» **Assignment**
Repeat each entry exactly and drop the pictures.

***

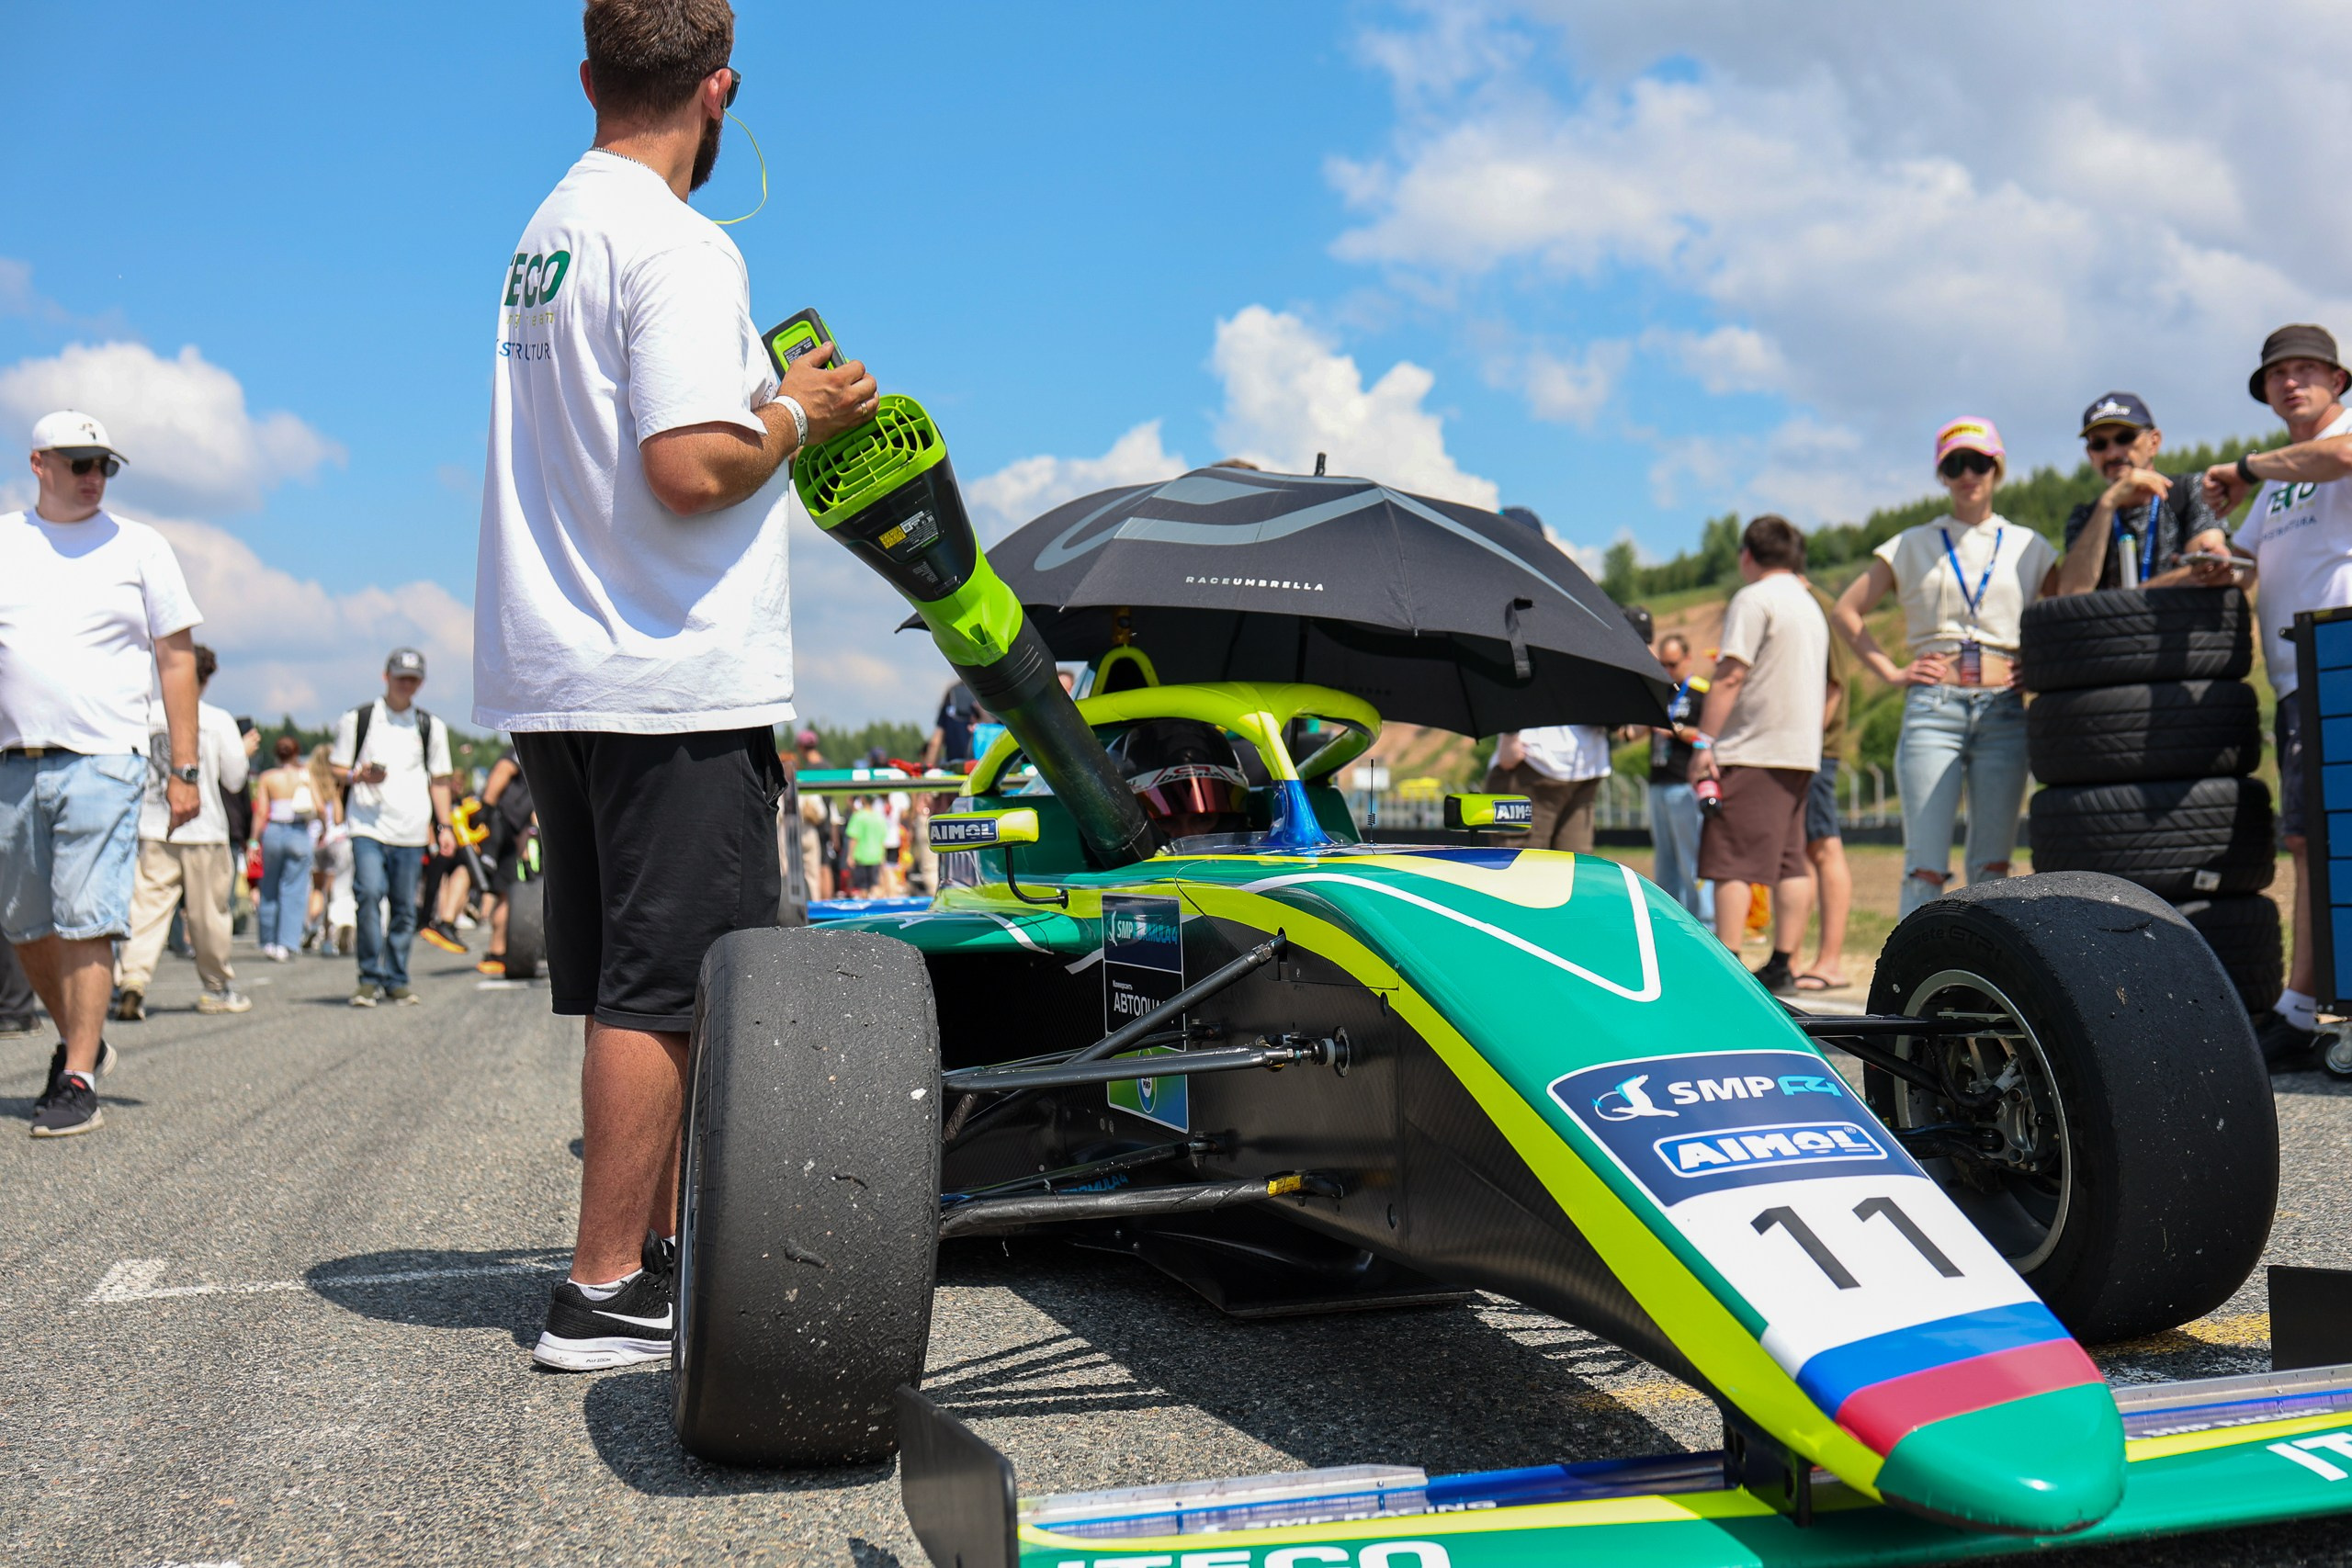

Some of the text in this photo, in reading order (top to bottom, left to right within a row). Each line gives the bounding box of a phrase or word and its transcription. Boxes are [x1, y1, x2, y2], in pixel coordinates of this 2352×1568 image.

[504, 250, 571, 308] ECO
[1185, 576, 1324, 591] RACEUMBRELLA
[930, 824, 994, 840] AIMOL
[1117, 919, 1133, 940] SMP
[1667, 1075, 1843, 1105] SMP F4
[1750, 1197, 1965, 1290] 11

***

» **Result of the exercise**
Some of the text in this photo, in reading order (top to bottom, left to right within a row). Each line gives the bounding box of a phrase or word and its transcription. Boxes are [x1, y1, x2, y2], in pixel coordinates of this 2352×1568 image.

[504, 250, 571, 308] ECO
[1185, 576, 1324, 591] RACEUMBRELLA
[930, 824, 994, 840] AIMOL
[1117, 919, 1133, 940] SMP
[1667, 1075, 1843, 1105] SMP F4
[1750, 1197, 1965, 1290] 11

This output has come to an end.